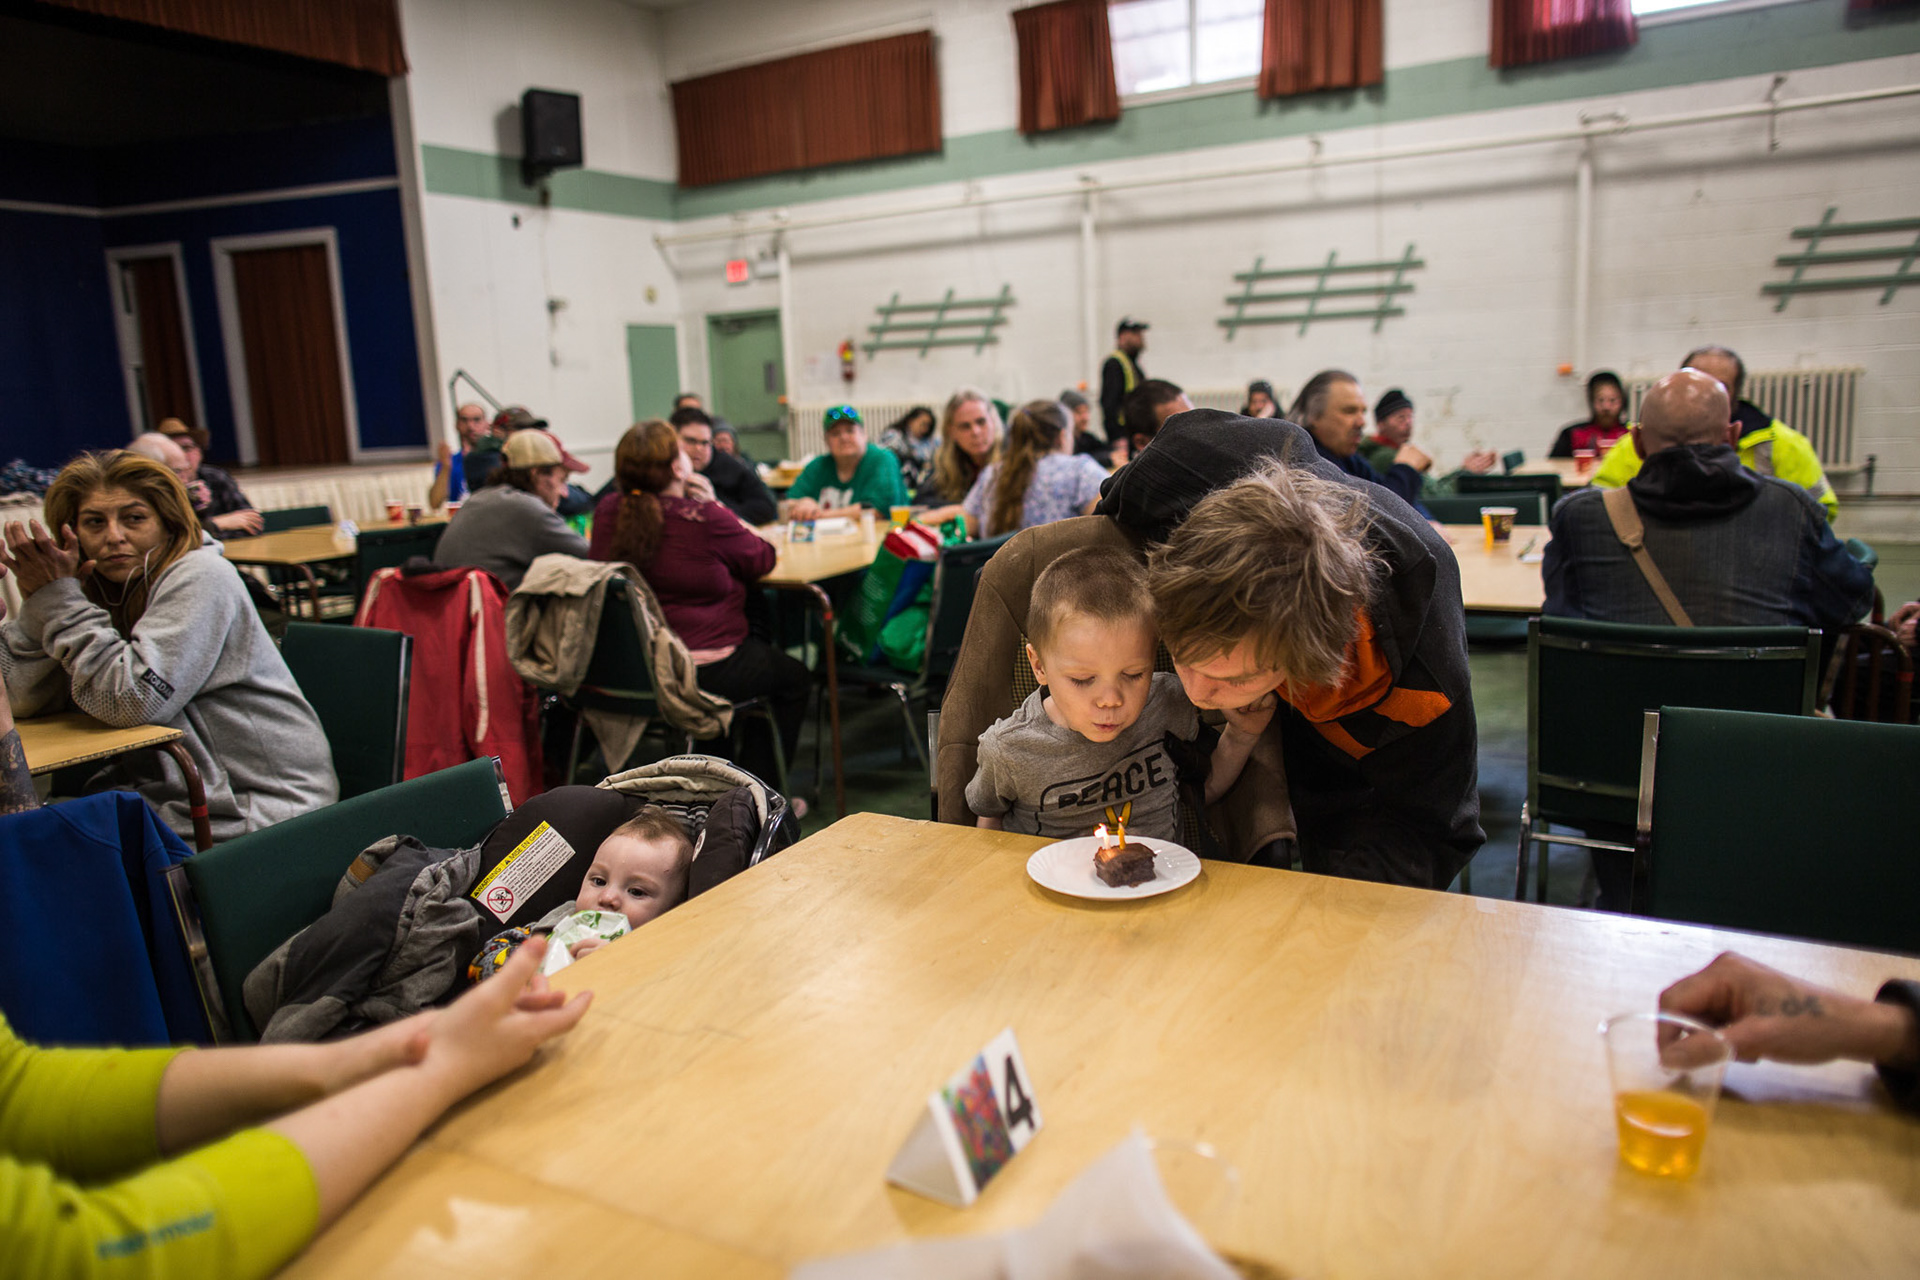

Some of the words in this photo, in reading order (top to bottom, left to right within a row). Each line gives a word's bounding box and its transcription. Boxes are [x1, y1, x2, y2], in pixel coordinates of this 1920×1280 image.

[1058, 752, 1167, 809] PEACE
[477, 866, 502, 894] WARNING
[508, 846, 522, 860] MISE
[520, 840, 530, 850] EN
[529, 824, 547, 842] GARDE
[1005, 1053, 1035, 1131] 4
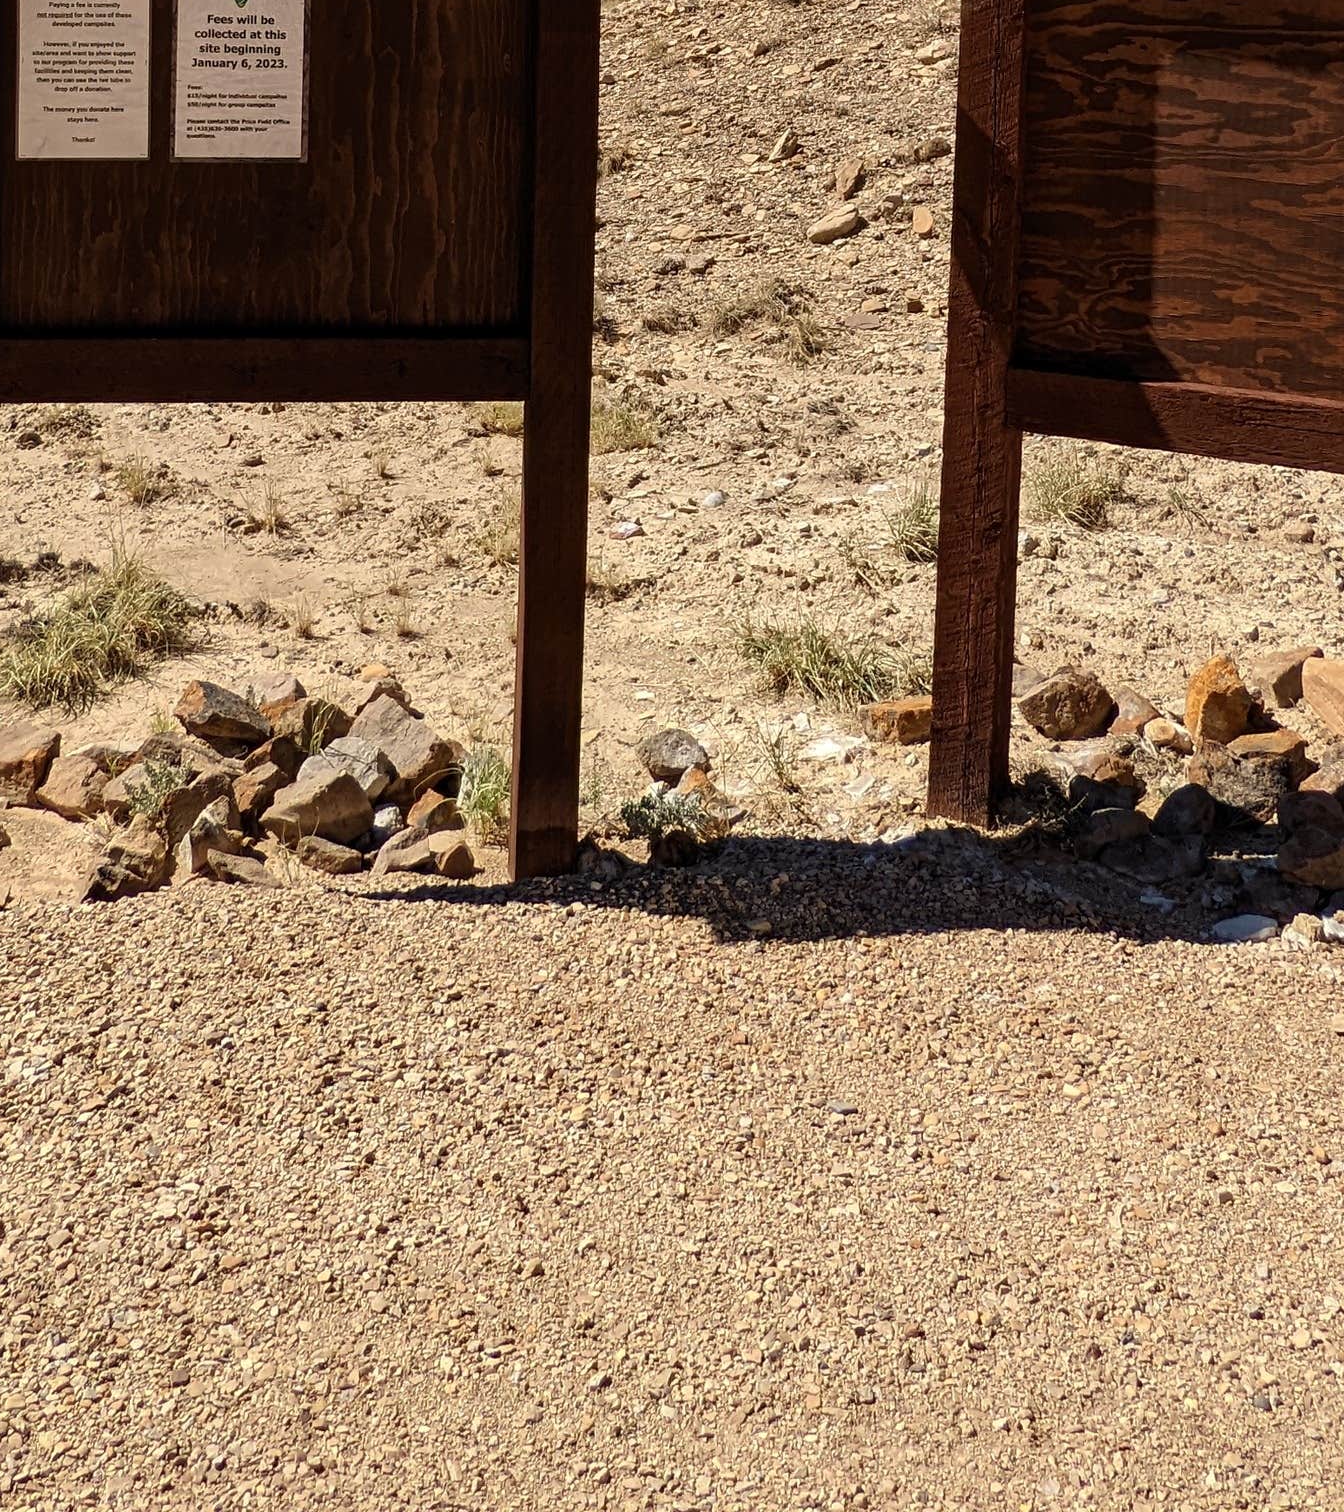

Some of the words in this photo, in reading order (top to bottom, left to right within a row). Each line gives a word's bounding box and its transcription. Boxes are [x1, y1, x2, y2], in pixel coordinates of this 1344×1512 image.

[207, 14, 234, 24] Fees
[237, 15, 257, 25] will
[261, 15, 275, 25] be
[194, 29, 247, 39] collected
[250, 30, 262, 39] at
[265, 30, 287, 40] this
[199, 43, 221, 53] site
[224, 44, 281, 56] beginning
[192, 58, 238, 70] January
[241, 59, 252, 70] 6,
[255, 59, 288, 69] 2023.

┄┄┄┄┄┄┄┄┄┄┄┄┄┄┄┄┄┄┄┄

EXERCISE GOAL:
The full material above must be output verbatim, minus any pictures.

ANSWER FOR THIS EXERCISE:
Some of the words in this photo, in reading order (top to bottom, left to right within a row). Each line gives a word's bounding box and its transcription. Boxes are [x1, y1, x2, y2], in pixel coordinates of this 1920×1280 image.

[1058, 752, 1167, 809] PEACE
[477, 866, 502, 894] WARNING
[508, 846, 522, 860] MISE
[520, 840, 530, 850] EN
[529, 824, 547, 842] GARDE
[1005, 1053, 1035, 1131] 4

Some of the words in this photo, in reading order (top to bottom, left to right within a row). Each line gives a word's bounding box and its transcription. Boxes are [x1, y1, x2, y2], in pixel coordinates of this 1344×1512 image.

[207, 14, 234, 24] Fees
[237, 15, 257, 25] will
[261, 15, 275, 25] be
[194, 29, 247, 39] collected
[250, 30, 262, 39] at
[265, 30, 287, 40] this
[199, 43, 221, 53] site
[224, 44, 281, 56] beginning
[192, 58, 238, 70] January
[241, 59, 252, 70] 6,
[255, 59, 288, 69] 2023.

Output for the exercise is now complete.